In our culture, we have a way of twisting things to the point of distortion. Humility is a good thing.  But humiliation is not.  Humble yourselves in the sight of the Lord, and He will lift you up (James 4:10, NKJV).  Our culture is so rich in Pride that we don’t know what it is to be humble.  People would say that low self-esteem is the same as humility, the opposite of Pride.

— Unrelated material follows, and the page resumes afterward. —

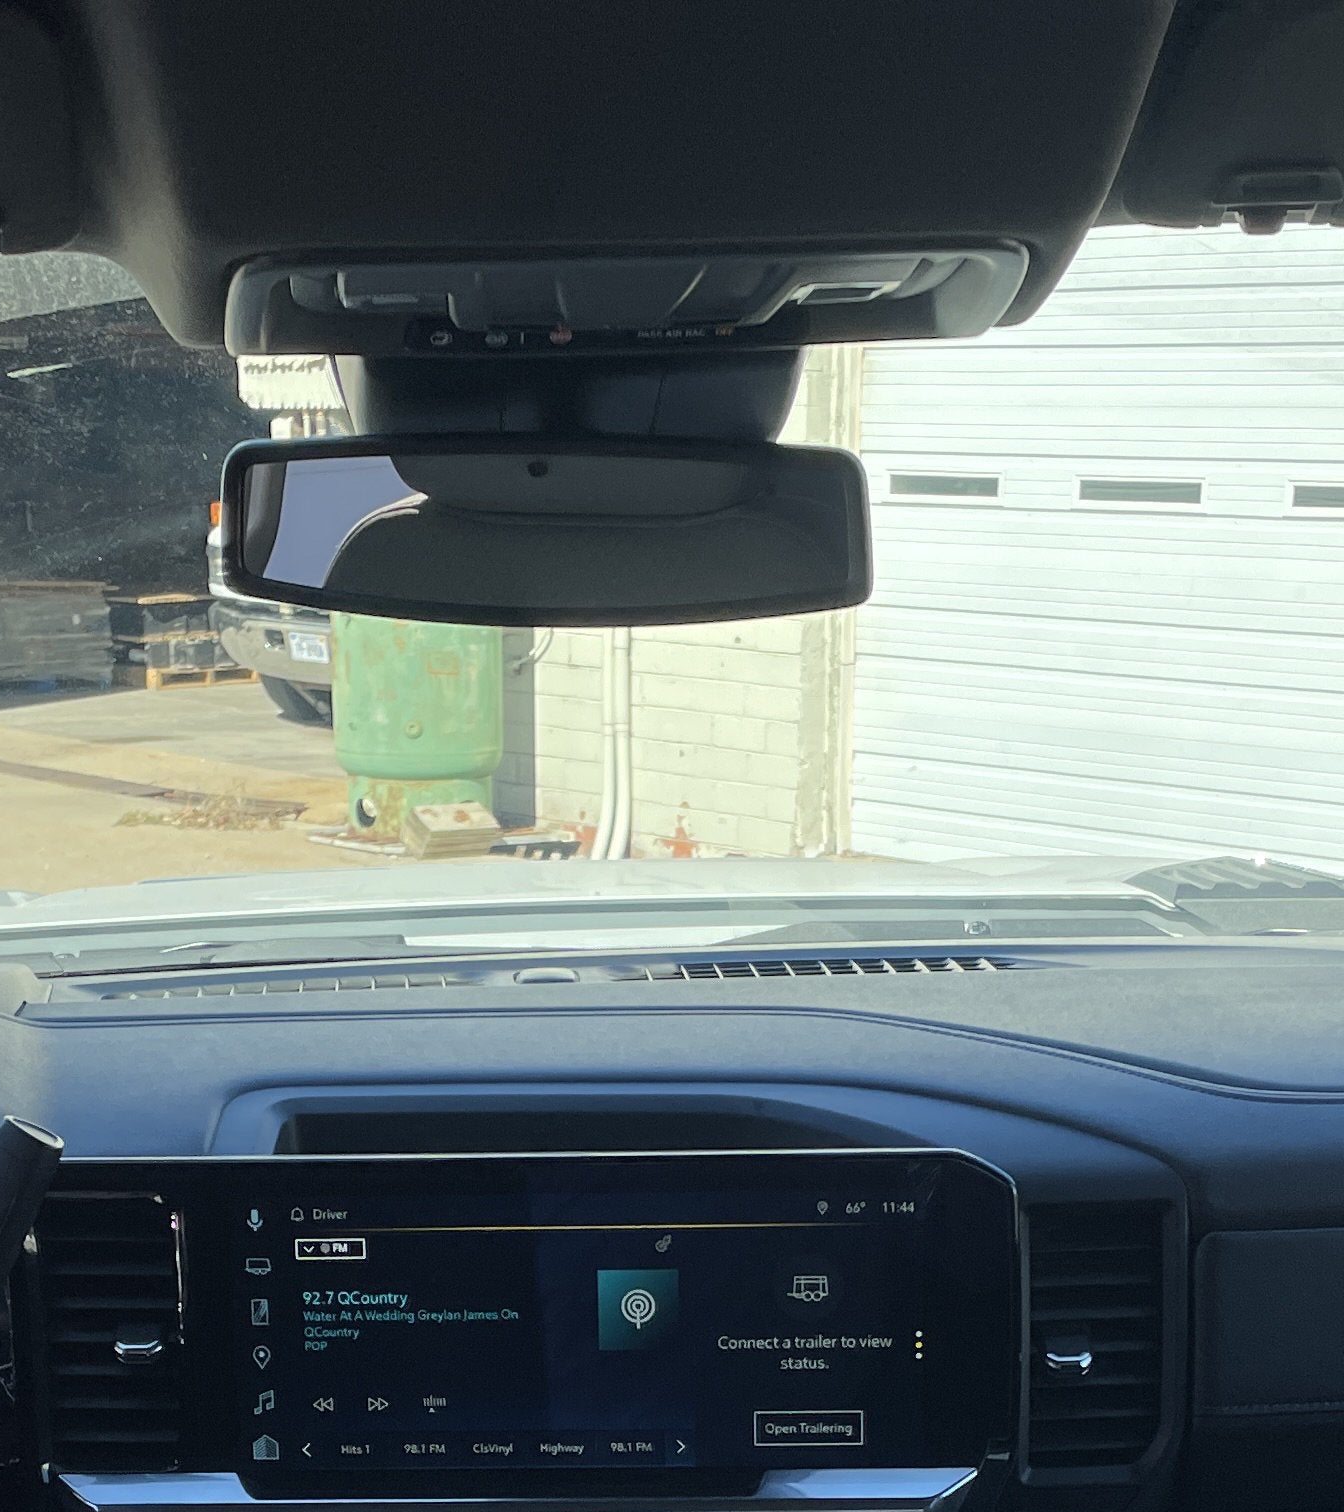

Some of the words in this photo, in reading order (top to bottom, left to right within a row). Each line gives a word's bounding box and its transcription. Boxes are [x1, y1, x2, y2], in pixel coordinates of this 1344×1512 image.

We tend to feel sorry for those with low self-esteem and despise the prideful person.  Yet they are one in the same.  Whenever we focus the majority of our thought-life on ourselves we are taking our minds of off God, we are consumed by ourselves, we are elevating ourselves above God – this is a luxury we cannot afford.  She who is self-indulgent is dead even while she lives (1 Tim 5:6).  Think about it.  The Bible does not tell us to dwell on ourselves, rather set your minds on things that are above, not on things that are on earth. For you have died, and your life is hidden with Christ in God (Col 3:2-3).  In fact we told, whatever is true, whatever is honorable, whatever is just, whatever is pure, whatever is lovely, whatever is commendable, if there is any excellence, if there is anything worthy of praise, think about these things (Phil 4:8).  We are told to occupy our minds with God, to pray without ceasing (1 Thess 5:17).  A mind filled up with God has no place for self-centered thinking.

The world would tell us that it is almost noble to feel low self-esteem.  But God wants so much more for us.  David is a great example of choosing a better thought-life: Why are you cast down, O my soul, and why are you in turmoil within me? Hope in God; for I shall again praise Him, my salvation and my God (Psalm 43:5).  Turning our thoughts to God, from ourselves, brings us to a new place of peace and rest, because we are doing what we were made to do.  Peter says you are a chosen race, a royal priesthood, a holy nation, a people for His own possession, that you may proclaim the excellencies of Him who called you out of darkness into His marvelous light.   Once you were not a people, but now you are God’s people; once you had not received mercy, but now you have received mercy (1 Peter 2:9-10). Remember, you are not your own;  you were bought at a price. (1 Cor 6:19-20).  Jesus, who paid that price, said, “The thief comes only to steal and kill and destroy. I came that they may have life and have it abundantly” (John 10:10).  We are not to live downtrodden lives, consumed by guilt and fear and hopelessness – lives consumed by self.  We are to live in such a way that honors God – a life focused on Him and pleasing Him will yield fruit and the fruit of the Spirit is love, joy, peace, patience, kindness, goodness, faithfulness,  gentleness, self-control (Gal 5:22-23).  Pride in any form is unhealthy for us.  The antidote for what ails us is found in turning our hearts and minds toward God:

Make a joyful noise to the Lord, all the earth!
     Serve the Lord with gladness!
     Come into His presence with singing!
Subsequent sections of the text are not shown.